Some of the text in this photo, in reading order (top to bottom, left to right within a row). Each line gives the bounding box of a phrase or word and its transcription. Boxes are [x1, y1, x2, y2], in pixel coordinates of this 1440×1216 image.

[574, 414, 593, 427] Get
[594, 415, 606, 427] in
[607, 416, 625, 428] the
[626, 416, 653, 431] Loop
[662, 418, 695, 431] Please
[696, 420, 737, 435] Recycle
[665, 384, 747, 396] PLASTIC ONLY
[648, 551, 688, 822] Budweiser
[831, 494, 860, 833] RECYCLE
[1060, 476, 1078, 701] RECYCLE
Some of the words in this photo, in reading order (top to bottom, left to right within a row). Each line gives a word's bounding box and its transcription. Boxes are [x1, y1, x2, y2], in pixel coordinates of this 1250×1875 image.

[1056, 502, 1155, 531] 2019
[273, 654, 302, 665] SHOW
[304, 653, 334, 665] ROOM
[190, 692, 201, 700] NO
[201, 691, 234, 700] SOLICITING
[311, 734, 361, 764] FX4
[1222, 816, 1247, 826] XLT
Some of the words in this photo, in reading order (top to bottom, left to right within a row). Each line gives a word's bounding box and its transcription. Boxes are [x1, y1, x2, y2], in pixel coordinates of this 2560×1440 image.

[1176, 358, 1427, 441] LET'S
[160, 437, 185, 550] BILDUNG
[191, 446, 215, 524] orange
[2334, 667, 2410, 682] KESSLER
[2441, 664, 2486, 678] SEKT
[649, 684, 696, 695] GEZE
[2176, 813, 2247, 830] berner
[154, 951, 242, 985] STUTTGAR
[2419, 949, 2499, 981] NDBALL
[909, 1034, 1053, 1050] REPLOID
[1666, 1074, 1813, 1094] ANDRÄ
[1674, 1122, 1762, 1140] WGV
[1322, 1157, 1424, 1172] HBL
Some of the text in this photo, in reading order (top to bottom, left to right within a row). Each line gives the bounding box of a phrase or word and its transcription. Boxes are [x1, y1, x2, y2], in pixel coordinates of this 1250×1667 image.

Exercise prompt: Repeat the records word for word.

Result of this task:
Some of the text in this photo, in reading order (top to bottom, left to right within a row). Each line gives the bounding box of a phrase or word and its transcription. Boxes are [x1, y1, x2, y2], in pixel coordinates of this 1440×1216 image.

[574, 414, 593, 427] Get
[594, 415, 606, 427] in
[607, 416, 625, 428] the
[626, 416, 653, 431] Loop
[662, 418, 695, 431] Please
[696, 420, 737, 435] Recycle
[665, 384, 747, 396] PLASTIC ONLY
[648, 551, 688, 822] Budweiser
[831, 494, 860, 833] RECYCLE
[1060, 476, 1078, 701] RECYCLE
Some of the words in this photo, in reading order (top to bottom, left to right within a row). Each line gives a word's bounding box and its transcription. Boxes are [x1, y1, x2, y2], in pixel coordinates of this 1250×1875 image.

[1056, 502, 1155, 531] 2019
[273, 654, 302, 665] SHOW
[304, 653, 334, 665] ROOM
[190, 692, 201, 700] NO
[201, 691, 234, 700] SOLICITING
[311, 734, 361, 764] FX4
[1222, 816, 1247, 826] XLT
Some of the words in this photo, in reading order (top to bottom, left to right within a row). Each line gives a word's bounding box and its transcription. Boxes are [x1, y1, x2, y2], in pixel coordinates of this 2560×1440 image.

[1176, 358, 1427, 441] LET'S
[160, 437, 185, 550] BILDUNG
[191, 446, 215, 524] orange
[2334, 667, 2410, 682] KESSLER
[2441, 664, 2486, 678] SEKT
[649, 684, 696, 695] GEZE
[2176, 813, 2247, 830] berner
[154, 951, 242, 985] STUTTGAR
[2419, 949, 2499, 981] NDBALL
[909, 1034, 1053, 1050] REPLOID
[1666, 1074, 1813, 1094] ANDRÄ
[1674, 1122, 1762, 1140] WGV
[1322, 1157, 1424, 1172] HBL
Some of the text in this photo, in reading order (top to bottom, left to right within a row). Each line gives the bounding box of a phrase or word and its transcription. Boxes are [x1, y1, x2, y2], in pixel coordinates of this 1250×1667 image.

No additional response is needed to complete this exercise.